Patrick Carroll
Glow In The Dark


4.0
excellent

Review

by SublimeSound USER (28 Reviews)
September 16th, 2020 | 0 replies


Release Date: 2013 | Tracklist

Review Summary: "Every memory is more true than the present...in 1993, I was riding home..."

Patrick Carroll died young.

He was a creative soul and talented writer, if not necessarily a career musician. Upon the urging of his friends, apart of Kalamazoo's Earthworks music collective, he put to music his pieces of personal poetry. The result of their efforts is nothing short of remarkable; a powerful folk rock gem, buried by the tragic circumstances of its own creation.

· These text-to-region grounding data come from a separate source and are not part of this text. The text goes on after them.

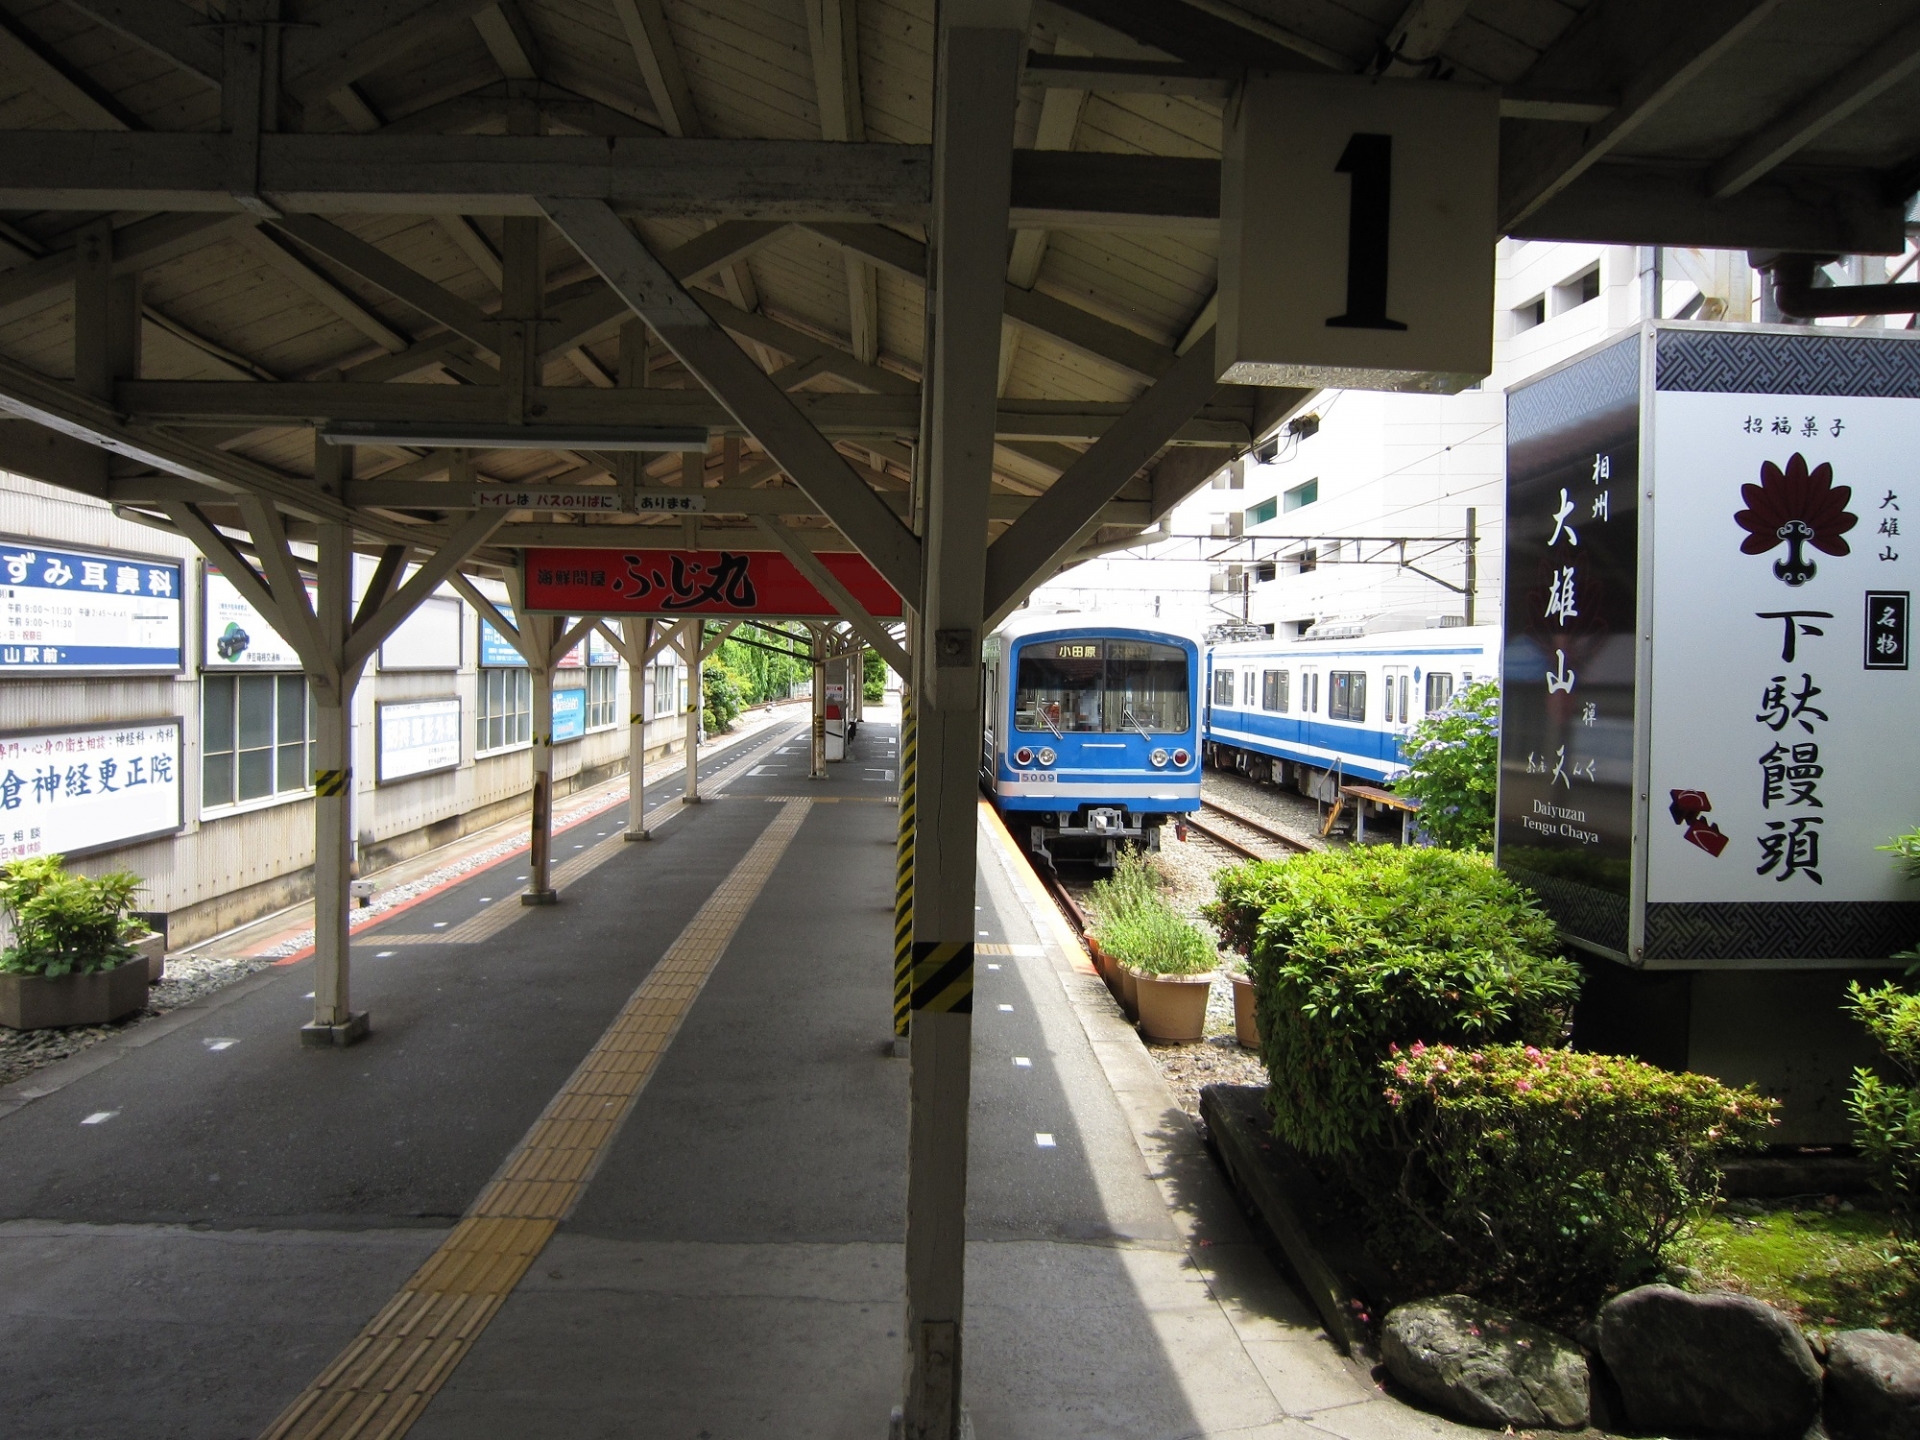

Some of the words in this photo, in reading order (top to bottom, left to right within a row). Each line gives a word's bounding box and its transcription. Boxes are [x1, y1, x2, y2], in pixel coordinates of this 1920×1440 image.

[1325, 132, 1408, 331] 1
[1743, 415, 1846, 438] 招福菓子
[480, 493, 530, 506] トイレは
[537, 494, 613, 509] バスのりばに
[641, 496, 698, 510] あります。
[1592, 453, 1610, 523] 相州
[1877, 489, 1901, 562] 大雄山
[2, 551, 172, 597] ずみ耳鼻科
[537, 568, 606, 587] 海鮮問屋
[612, 551, 758, 610] ふじ丸
[1544, 487, 1578, 694] 大雄山
[1059, 645, 1097, 658] 小田原
[1876, 606, 1898, 655] 名物
[1755, 610, 1834, 886] 下駄饅頭
[0, 752, 174, 811] 倉神経更正院
[1021, 773, 1056, 783] 5009
[1522, 815, 1557, 836] Tengu
[1560, 823, 1599, 844] Chaya
[1533, 799, 1585, 823] Daiyuzan
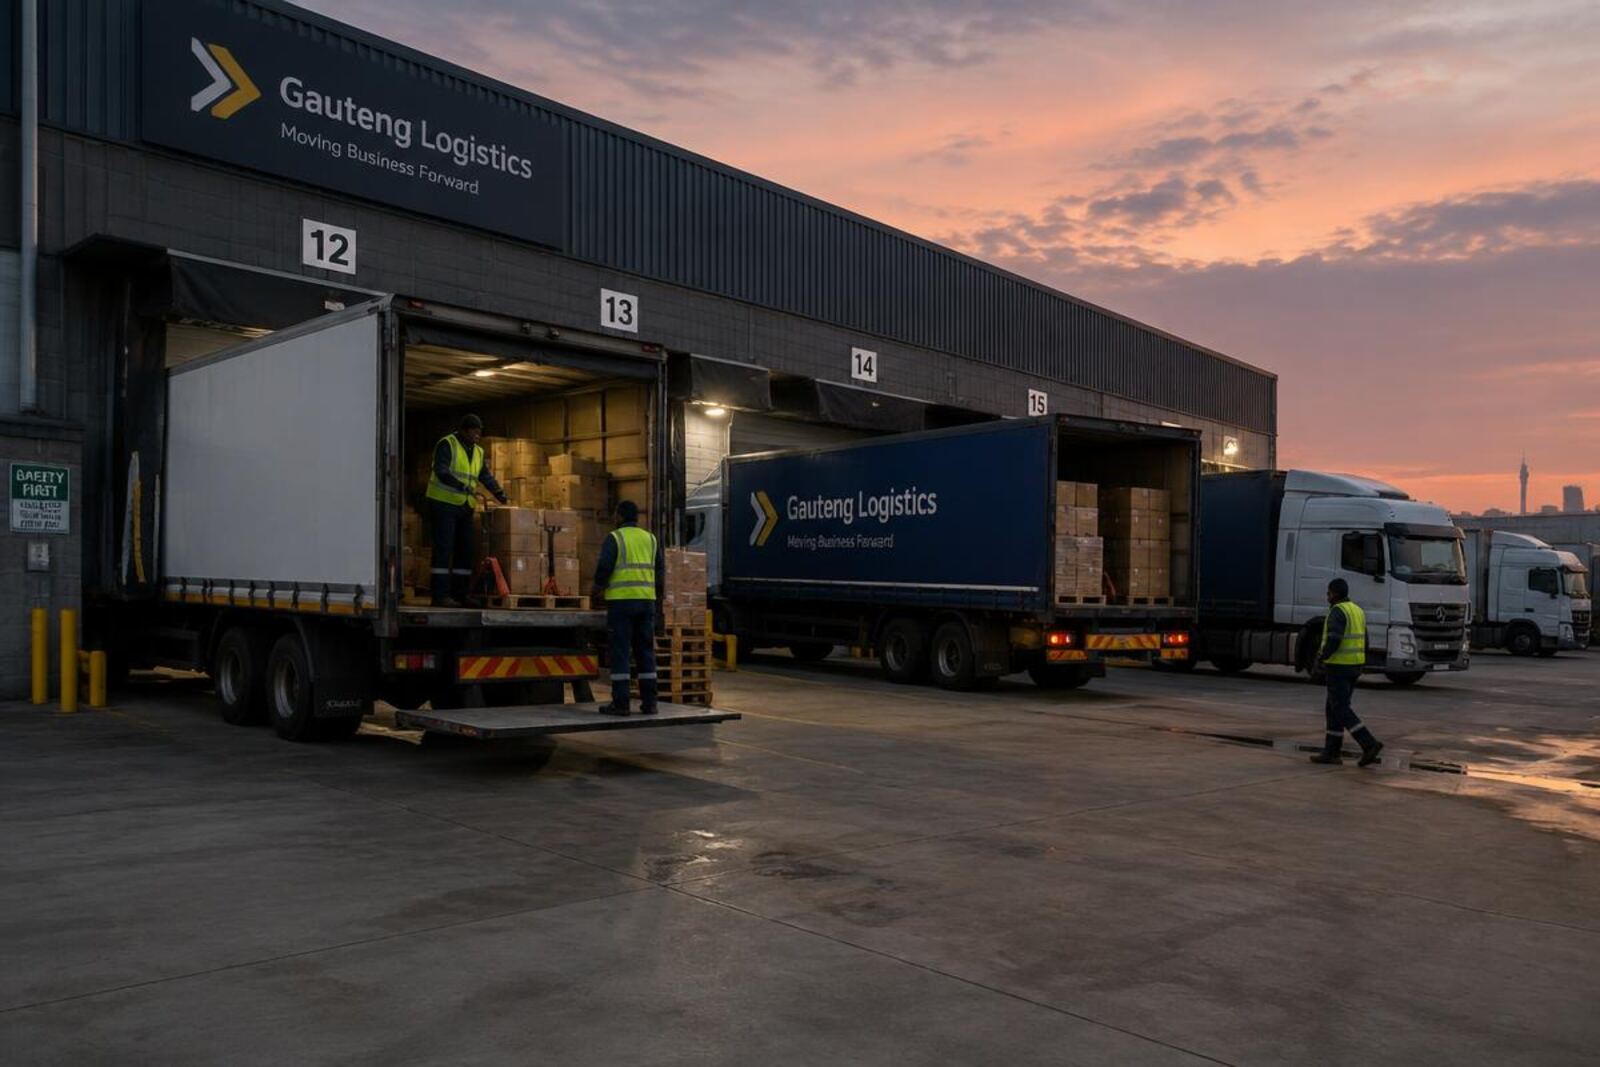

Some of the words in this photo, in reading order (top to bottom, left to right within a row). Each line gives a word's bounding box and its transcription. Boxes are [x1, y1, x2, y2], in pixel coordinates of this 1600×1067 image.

[280, 76, 412, 149] Gauteng
[421, 120, 533, 179] Logistics
[281, 122, 342, 158] Moving
[347, 143, 415, 177] Business
[419, 164, 480, 196] Forward
[311, 229, 349, 266] 12
[606, 296, 632, 325] 13
[855, 353, 874, 377] 14
[1030, 394, 1045, 414] 15
[787, 495, 853, 525] Gauteng
[858, 486, 938, 524] Logistics
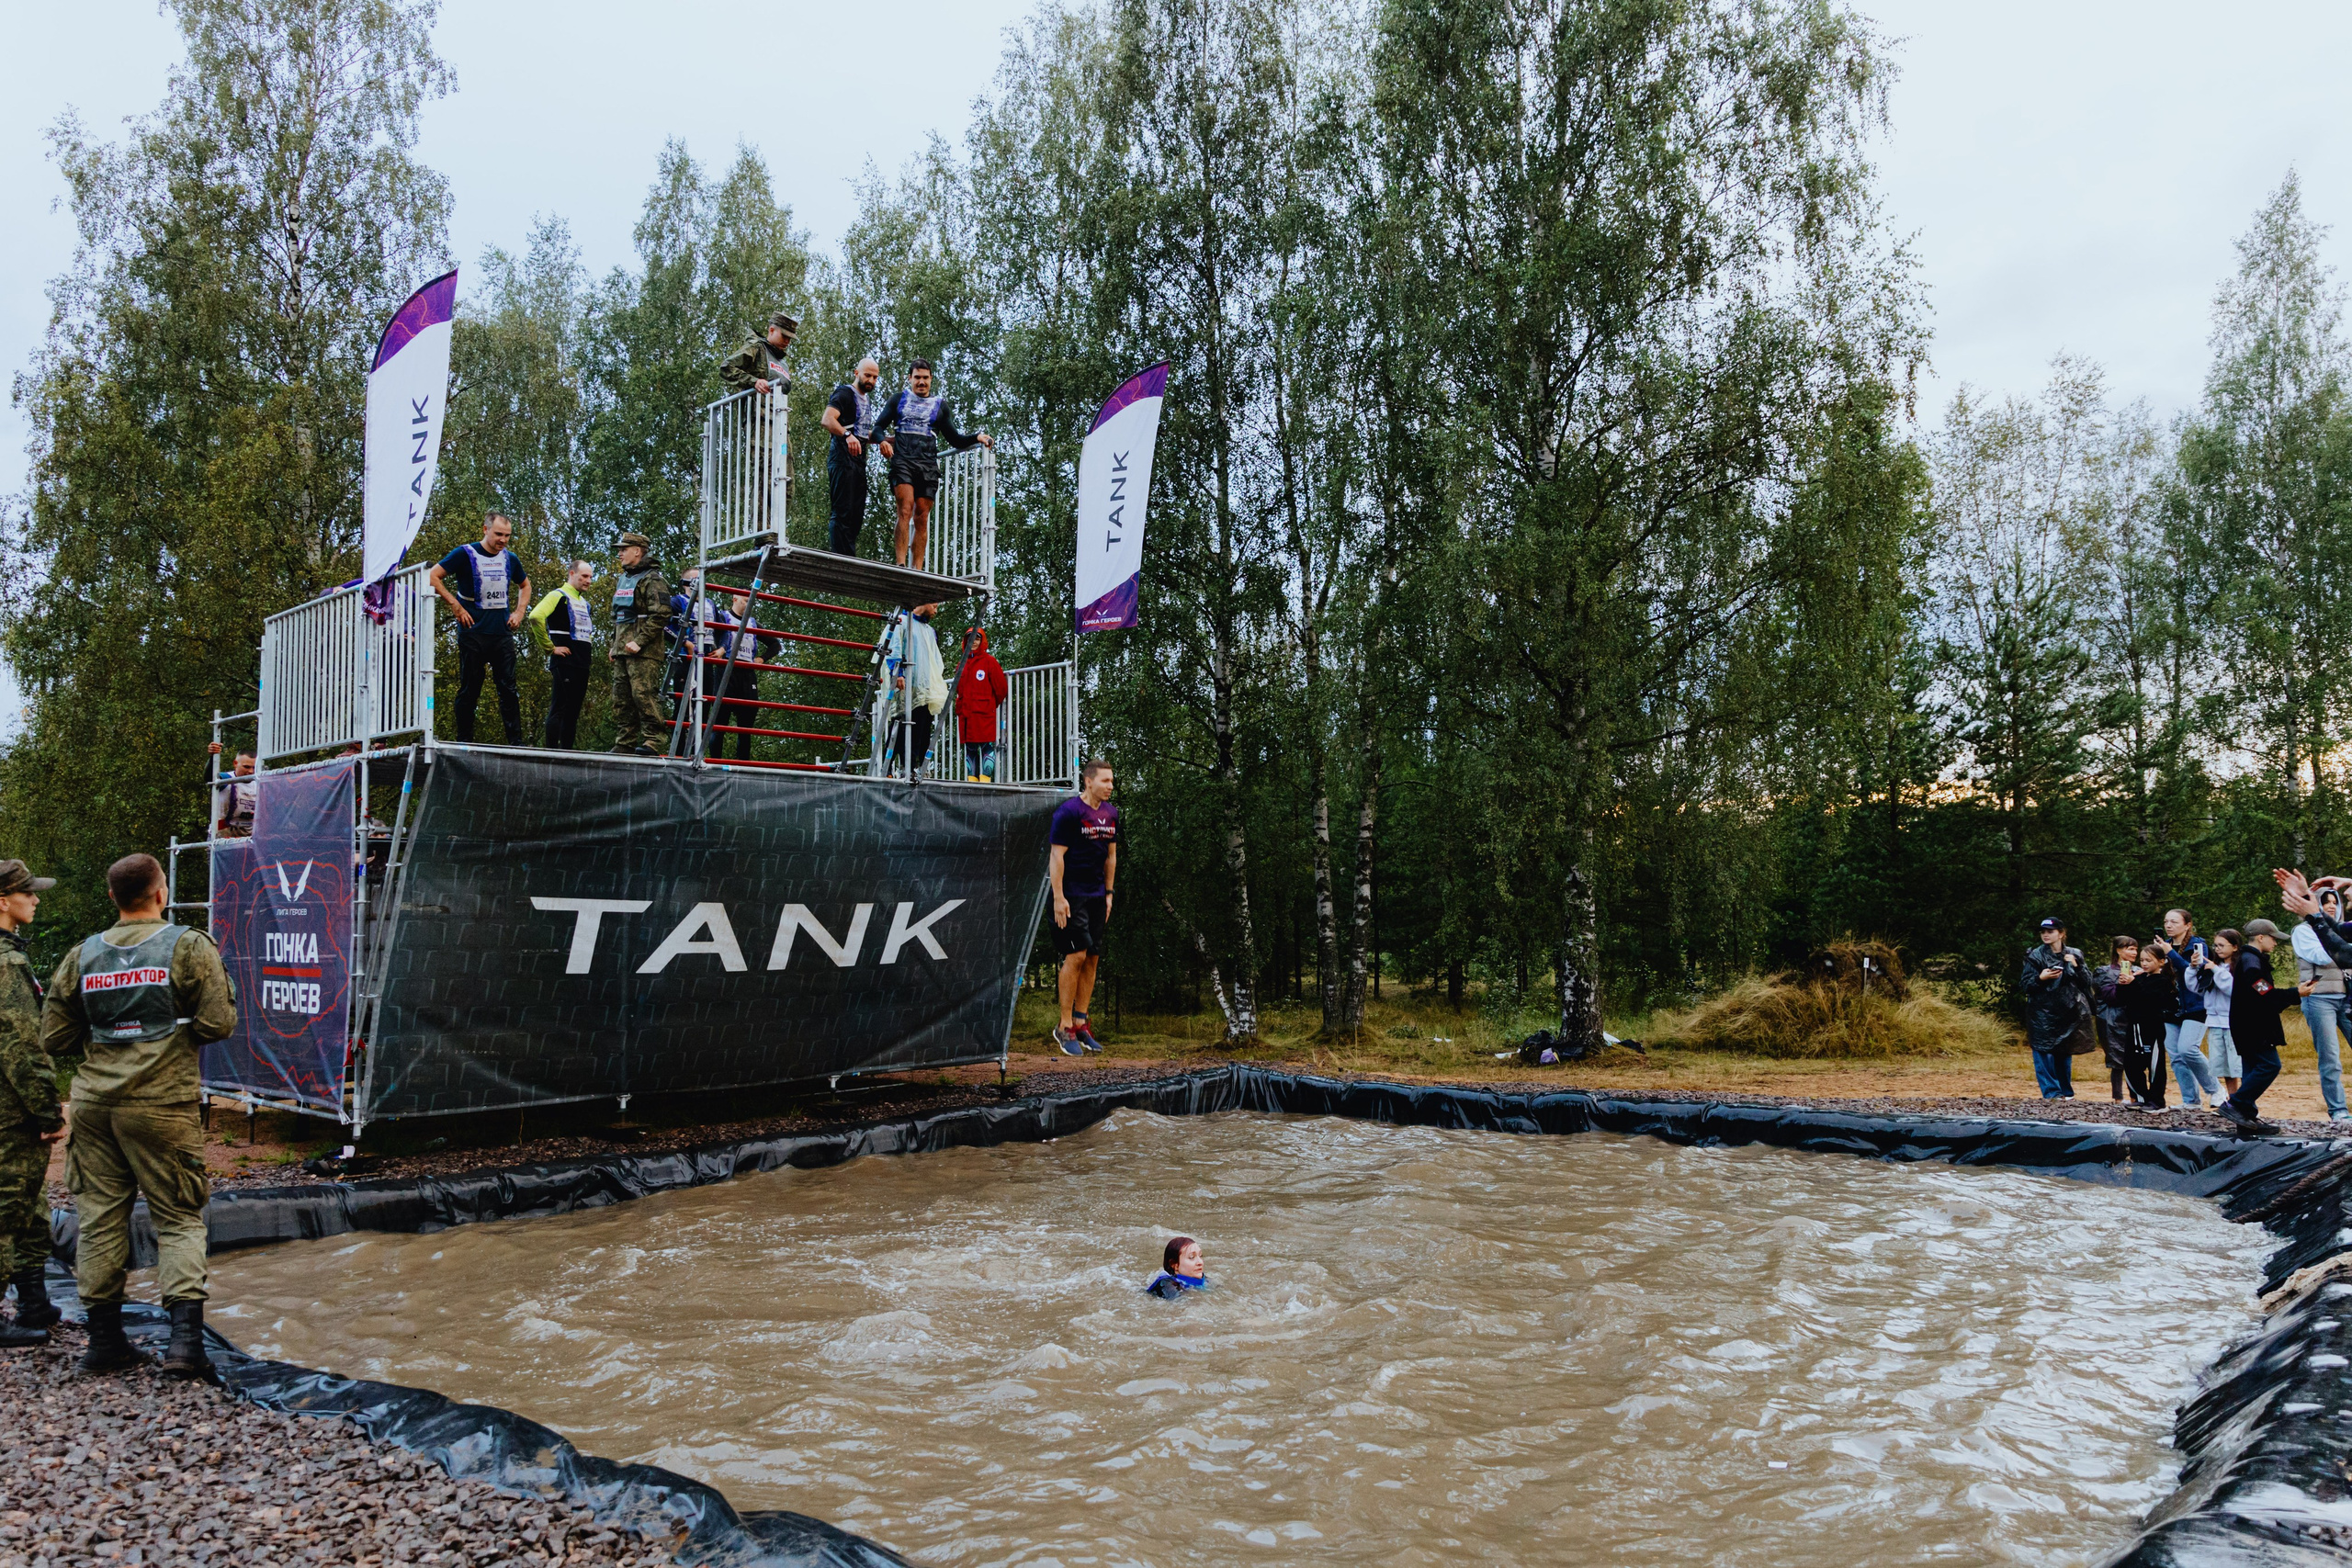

People with terminal illnesses tend to share a common, unexpected phenomenon. They express that, upon knowing the time of their demise, they feel more alive than ever before. The liberating certainty of death, paired with the urgency of terminal illness, seems to prompt us to drink deep from the well of life, so as to slake our thirst for all this world has to offer.

Nothing will push a person to seize the day quite like the call of the void. Patrick Carroll's 2013 album, Glow In The Dark, replicates this sense of awe with painful familiarity. Truly, Carroll's songwriting is best characterized as L'appel Du Vide meets Carpe Diem:

"Death will come to me, when I'm good and ready"

"The words that you believe, before something hits you..."

The album is a reflection on the ways we choose to live our lives, the love we seek and cannot find, and just how precious the memories we make in the process truly are. Author and Nobel laureate Gabriel Garcia Marquez once wrote that "what matters in life is not what happens to you, but what you remember, and how your remember it." It is a sentiment that Carroll seemed to take to heart. A sentiment he expressed through a diverse and vivid aural canvas. Nostalgia for the recent past, fresh and clear, is regarded here with the reverence of decades old familial history; a consequence of the artist's unfortunate circumstances. This grants a weight and heft to the storytelling on display that you are unlike to find anywhere else.

Instrumentally the album is a joy; as comfortable as an old sweater, with the sharp, warm smells of cedar smoke and cinnamon billowing from the bonfire you share with friends and family. Rustic acoustic strings and tender keys slowly develop a richness and grandiosity as they are accented by humming horns, hand claps, and wobbling singing saws building and bursting apart in a quivering chorus of emotional self-actualization. All the while Pat operates as a philosophizing campfire crooner, questioning our assumptions on life and answering them in kind with his vulnerable, tastefully layered vocals.

It is tempting to draw comparisons to Neutral Milk Hotel's "In An Aeroplane Over The Sea" or Mount Eerie's "A Crow Looked At Me." While "Glow In The Dark" doesn't quite match the cohesion and consistency of those cult classic records - operating more as a personal musical pastiche - it's earnest and beautiful reflections on life at the cusp of death resonate every bit as deeply. This album is no whisper quiet acoustic dirge, subtly spoken in your ear like some guarded secret. The stripped-down guitars hum and flicker just as much as they wail and cry in celebratory, electrified passion.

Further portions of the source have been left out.